An Adaptive Algorithm for the Determination of the Onset and Offset of Muscle Contraction by EMG Signal Processing

Abstract

Estimation of on-off timing of human skeletal muscles during movement is an ongoing issue in surface electromyography (sEMG) signal processing for relevant clinical applications. Widely used single threshold methods still rely on the experience of the operator to manually establish a threshold level. In this paper, a novel approach to address this issue is presented. Based on the generalized likelihood ratio test, the maximum likelihood (ML) method is improved with an adaptive threshold technique based on the signal-to-noise ratio (SNR) estimate in the initial time before accurate sEMG analyses. The dependence of optimal threshold on SNR is determined by minimizing the onset/offset estimate error on a large set of simulated signals with well-known signal parameters.

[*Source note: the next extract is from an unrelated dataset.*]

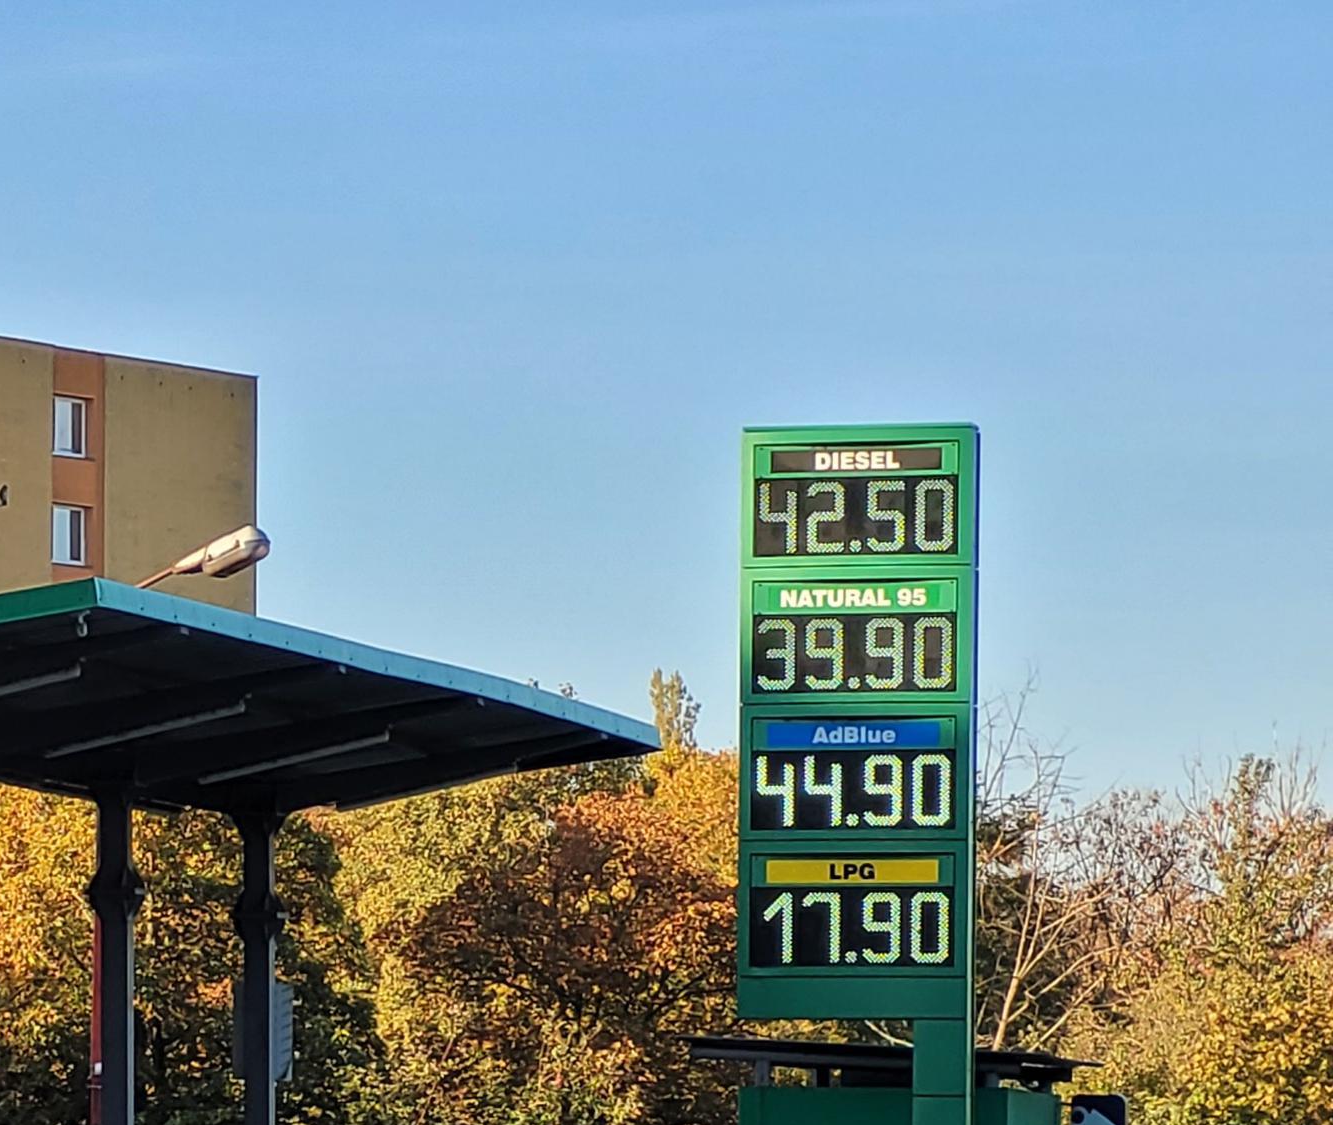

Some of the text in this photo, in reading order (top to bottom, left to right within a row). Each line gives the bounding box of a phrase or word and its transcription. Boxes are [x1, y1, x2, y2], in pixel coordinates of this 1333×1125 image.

Accuracy and precision of the algorithm were assessed by using a set of simulated signals and real sEMG signals recorded from two healthy subjects during elbow flexion-extension movements with and without workload. Comparison with traditional algorithms shows that with a moderate increase in the computational effort the ML algorithm performs well even for low levels of EMG activity, while the proposed adaptive method is most robust with respect to variations in SNRs. Also, we discuss the results of analyzing the sEMG recordings from the selected proximal muscles of the upper limb in two hemiparetic subjects. The detection algorithm is automatic and user-independent, managing the detection of both onset and offset activation, and is applicable in presence of noise allowing use by skilled and unskilled operators alike.